Task details – Nothing in the data should change when you return it, but leave the pictures out.

Collected data –
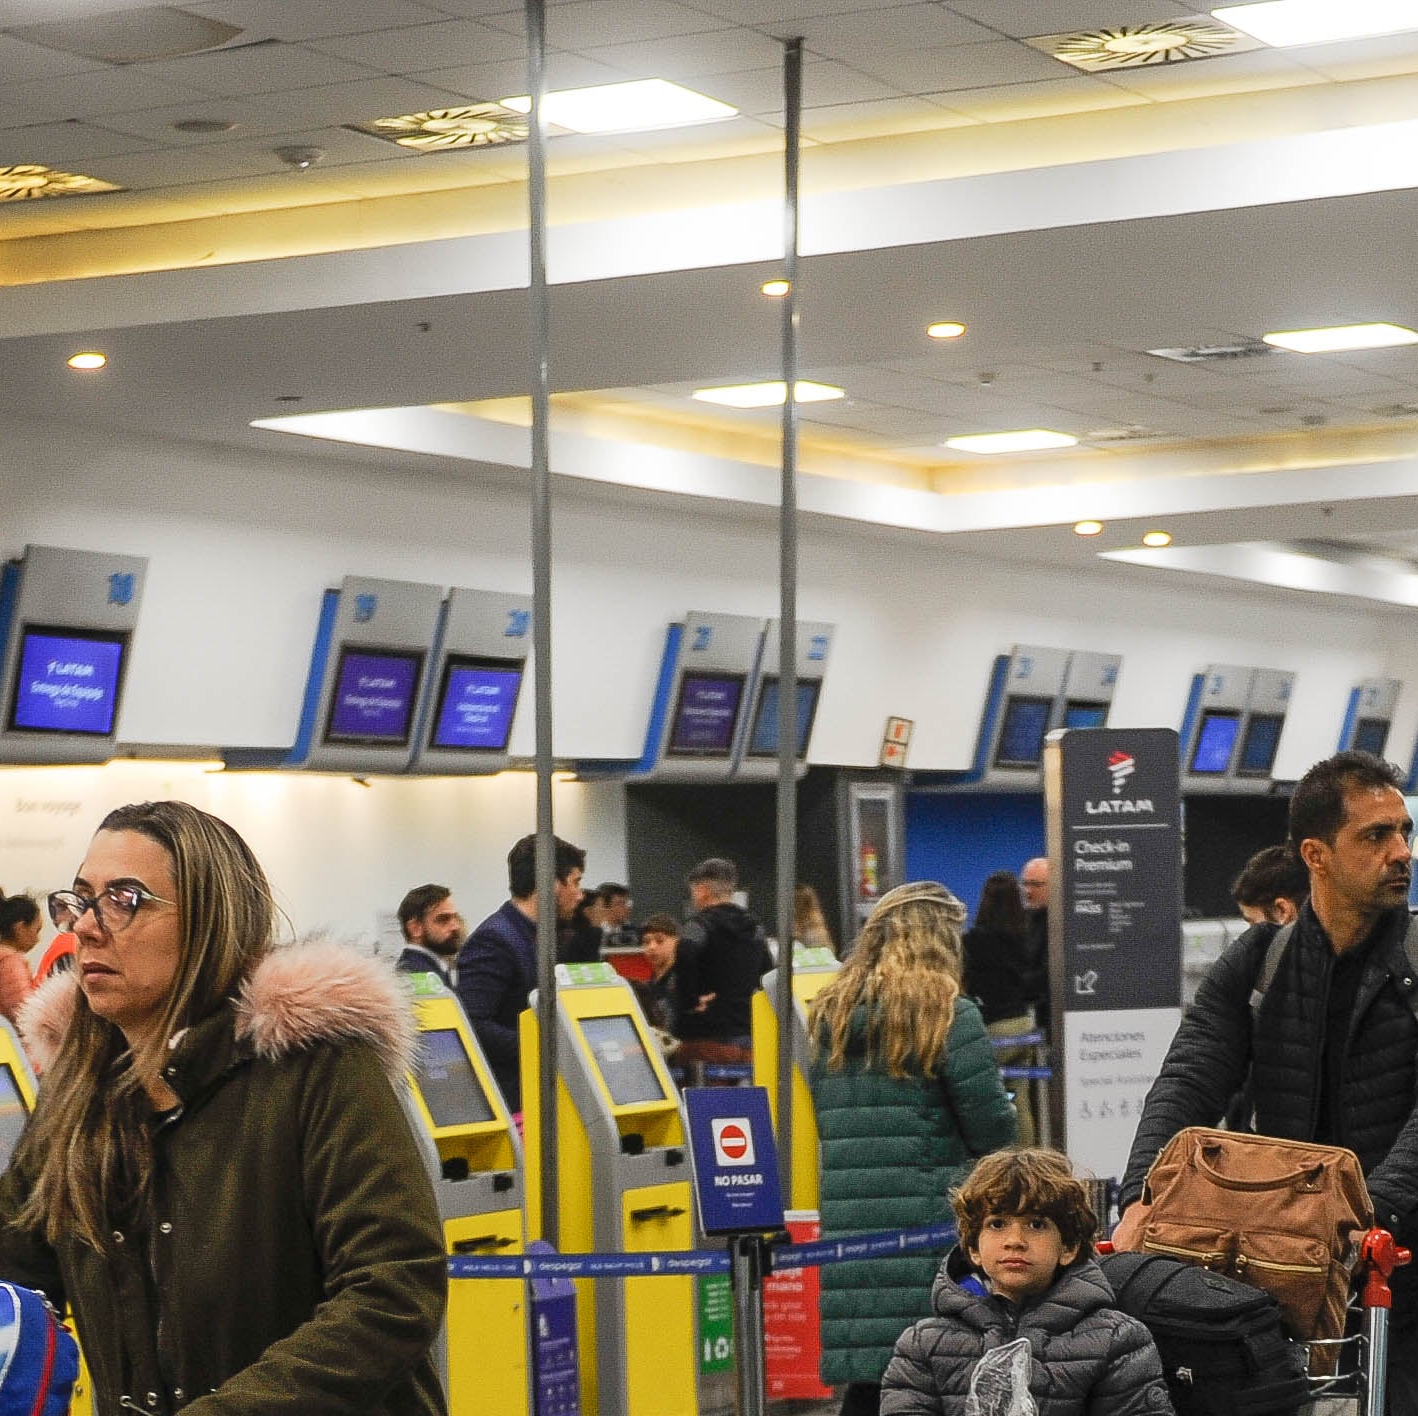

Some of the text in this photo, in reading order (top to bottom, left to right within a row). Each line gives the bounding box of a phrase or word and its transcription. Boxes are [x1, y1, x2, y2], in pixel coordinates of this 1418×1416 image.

[1085, 799, 1154, 814] LATAM
[1074, 839, 1131, 854] Check-in
[1075, 858, 1133, 872] Premium
[714, 1173, 764, 1187] NO PASAR
[539, 1262, 583, 1276] despegar

Task output –
Some of the text in this photo, in reading order (top to bottom, left to right within a row). Each line gives the bounding box of a phrase or word and its transcription. Boxes are [x1, y1, x2, y2], in pixel coordinates of this 1418×1416 image.

[1085, 799, 1154, 814] LATAM
[1074, 839, 1131, 854] Check-in
[1075, 858, 1133, 872] Premium
[714, 1173, 764, 1187] NO PASAR
[539, 1262, 583, 1276] despegar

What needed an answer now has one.